--- The data Enclosed Below ---
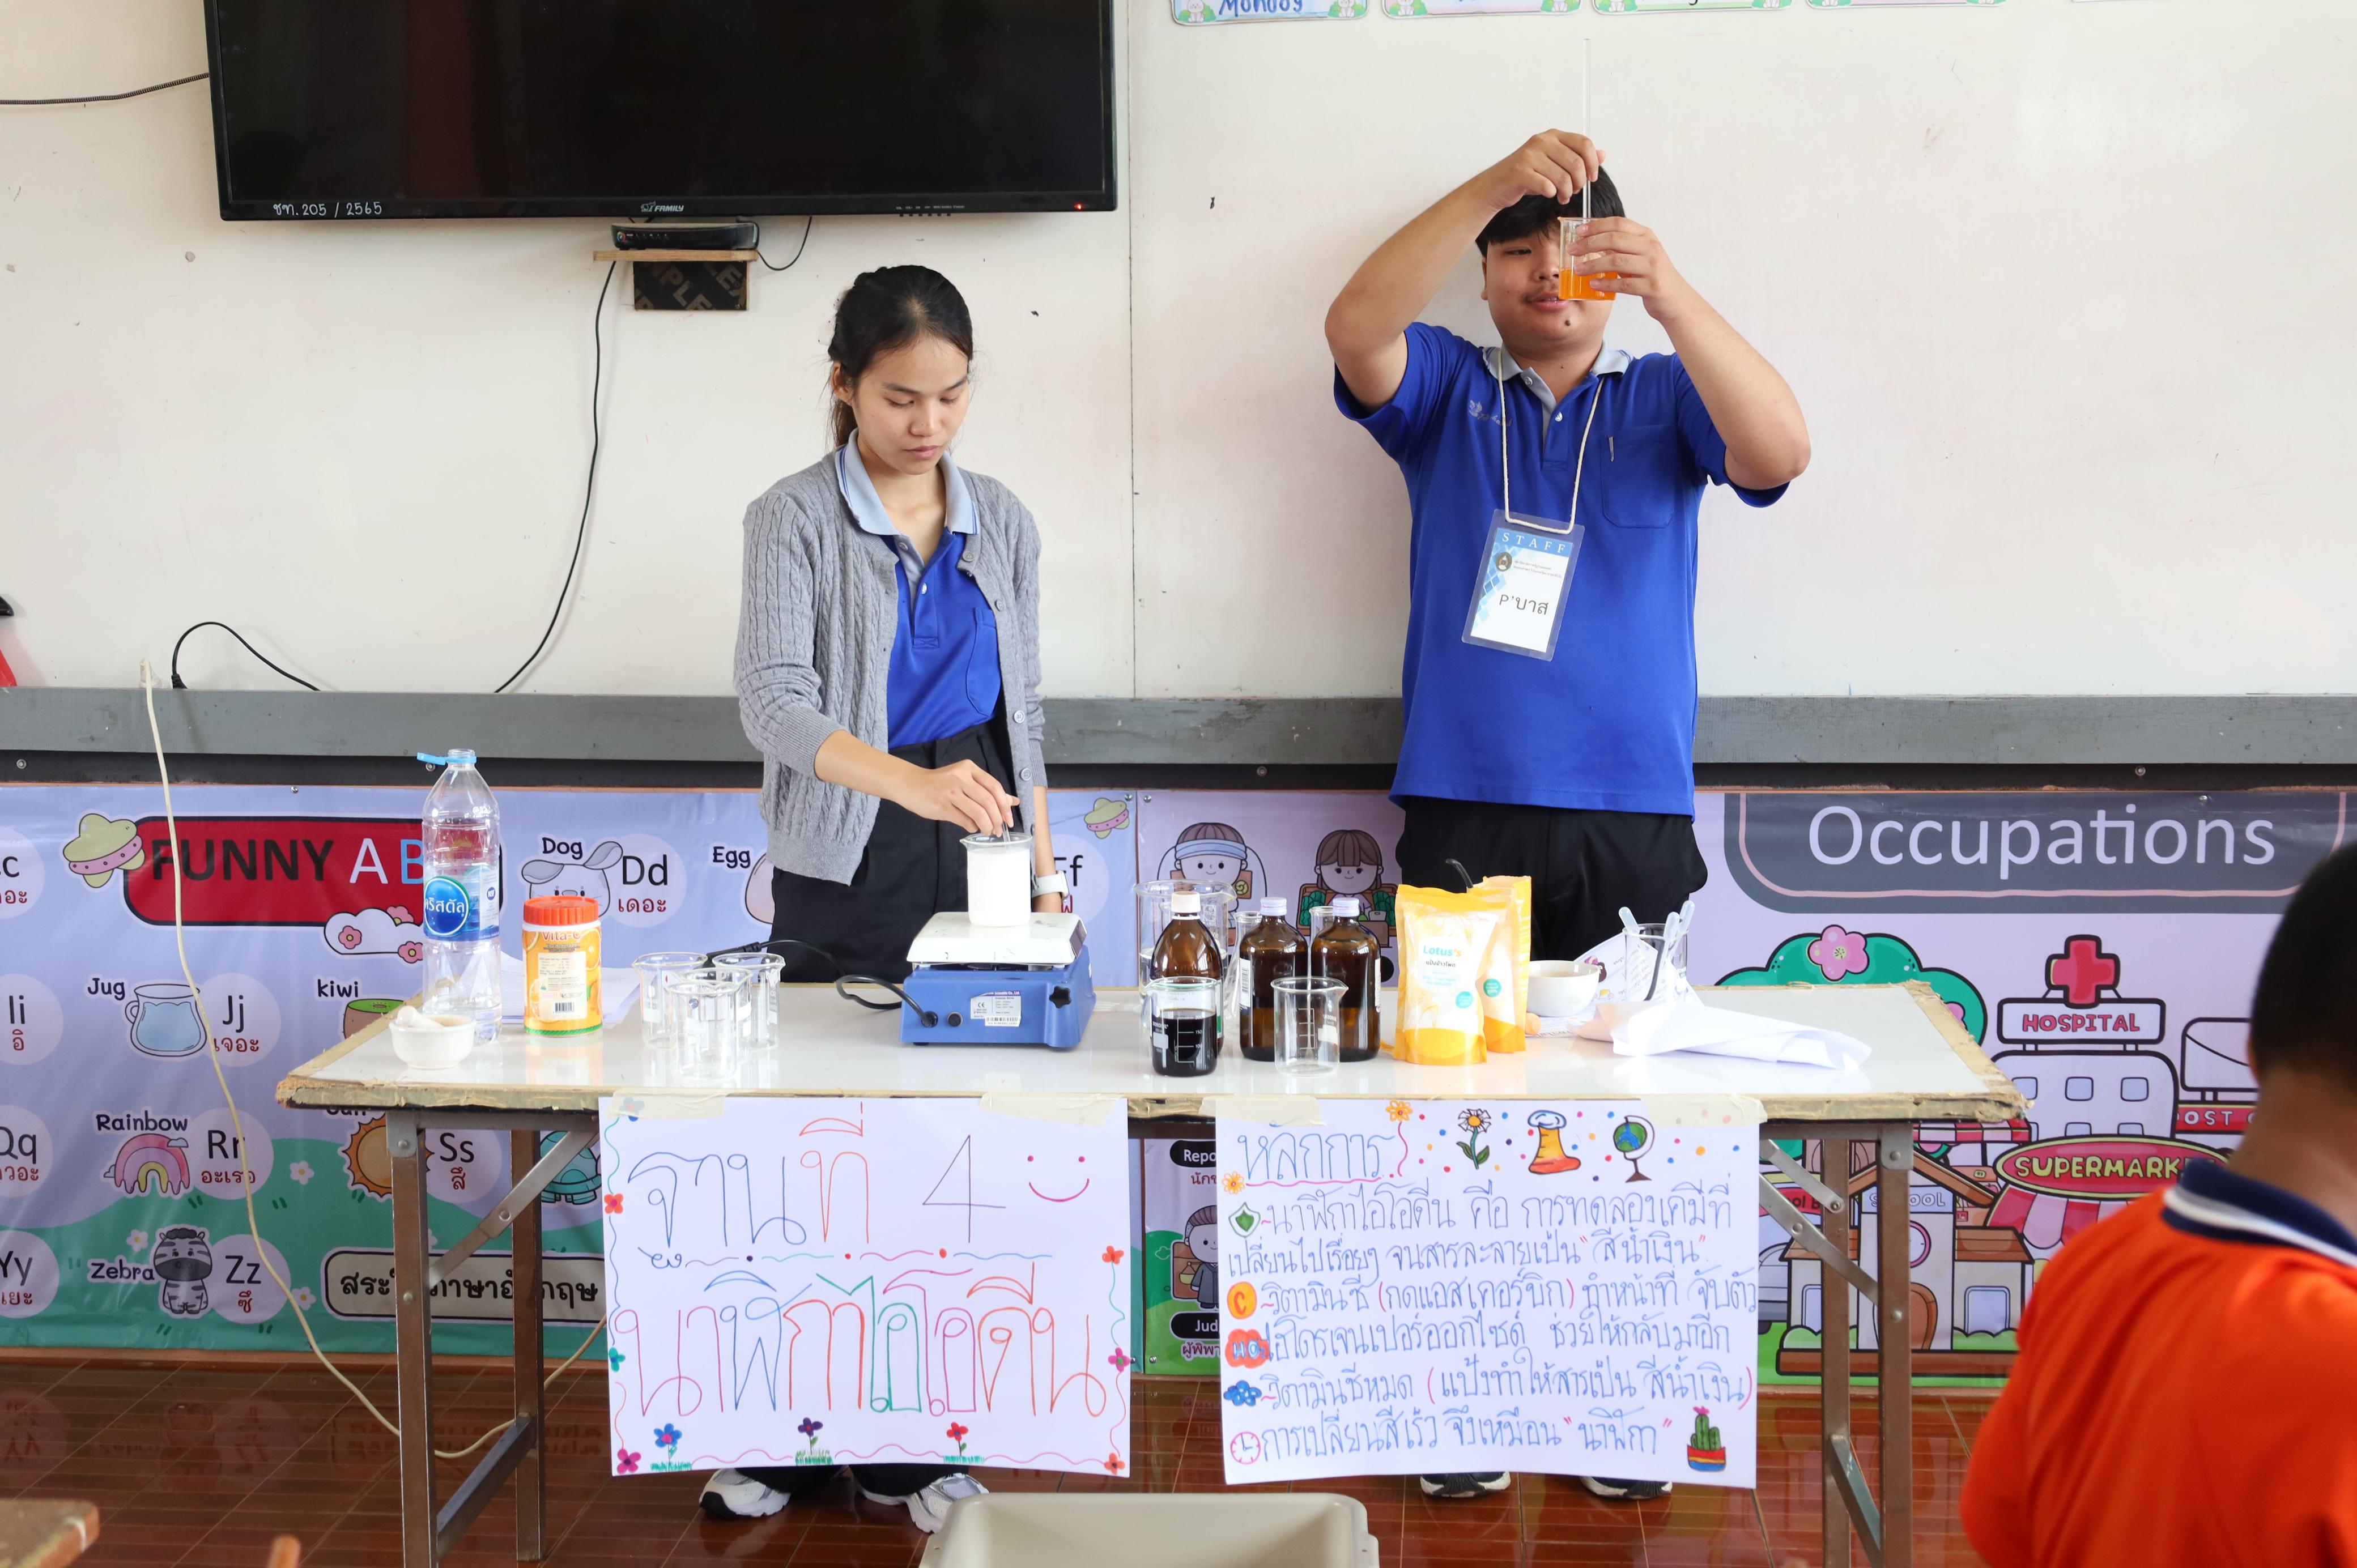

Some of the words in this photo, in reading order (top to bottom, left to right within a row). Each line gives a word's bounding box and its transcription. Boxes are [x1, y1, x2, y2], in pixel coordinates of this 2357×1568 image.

[302, 203, 327, 216] 205
[334, 202, 339, 218] /
[346, 202, 382, 215] 2565
[1501, 532, 1565, 553] STAFF
[542, 838, 583, 860] Dog
[1808, 804, 2276, 880] Occupations
[0, 856, 20, 878] c
[152, 838, 334, 881] FUNNY
[712, 847, 751, 869] Egg
[622, 854, 668, 887] Dd
[0, 890, 27, 904] อะ
[618, 898, 667, 914] เดอะ
[1423, 945, 1462, 957] Lotus's
[88, 978, 126, 1001] Jug
[317, 978, 359, 998] kiwi
[222, 995, 245, 1033] Jj
[2022, 1013, 2141, 1033] HOSPITAL
[96, 1111, 188, 1132] Rainbow
[2177, 1110, 2233, 1126] OST
[207, 1130, 245, 1159] Rr
[439, 1132, 475, 1163] Ss
[1184, 1149, 1216, 1165] Repo
[2014, 1156, 2190, 1179] SUPERMARK
[0, 1166, 39, 1181] วอะ
[922, 1134, 1006, 1243] 4
[1869, 1192, 1946, 1207] SOOL
[0, 1251, 33, 1286] Yy
[91, 1260, 155, 1281] Zebra
[226, 1255, 262, 1285] Zz
[1195, 1319, 1218, 1332] Jud
[1182, 1341, 1220, 1358] ผู้พิพา
--- End of Enclosed The data ---
■ Work instructions:
Retype the entries exactly, skipping every picture.

■ The answer:
Some of the words in this photo, in reading order (top to bottom, left to right within a row). Each line gives a word's bounding box and its transcription. Boxes are [x1, y1, x2, y2], in pixel coordinates of this 2357×1568 image.

[302, 203, 327, 216] 205
[334, 202, 339, 218] /
[346, 202, 382, 215] 2565
[1501, 532, 1565, 553] STAFF
[542, 838, 583, 860] Dog
[1808, 804, 2276, 880] Occupations
[0, 856, 20, 878] c
[152, 838, 334, 881] FUNNY
[712, 847, 751, 869] Egg
[622, 854, 668, 887] Dd
[0, 890, 27, 904] อะ
[618, 898, 667, 914] เดอะ
[1423, 945, 1462, 957] Lotus's
[88, 978, 126, 1001] Jug
[317, 978, 359, 998] kiwi
[222, 995, 245, 1033] Jj
[2022, 1013, 2141, 1033] HOSPITAL
[96, 1111, 188, 1132] Rainbow
[2177, 1110, 2233, 1126] OST
[207, 1130, 245, 1159] Rr
[439, 1132, 475, 1163] Ss
[1184, 1149, 1216, 1165] Repo
[2014, 1156, 2190, 1179] SUPERMARK
[0, 1166, 39, 1181] วอะ
[922, 1134, 1006, 1243] 4
[1869, 1192, 1946, 1207] SOOL
[0, 1251, 33, 1286] Yy
[91, 1260, 155, 1281] Zebra
[226, 1255, 262, 1285] Zz
[1195, 1319, 1218, 1332] Jud
[1182, 1341, 1220, 1358] ผู้พิพา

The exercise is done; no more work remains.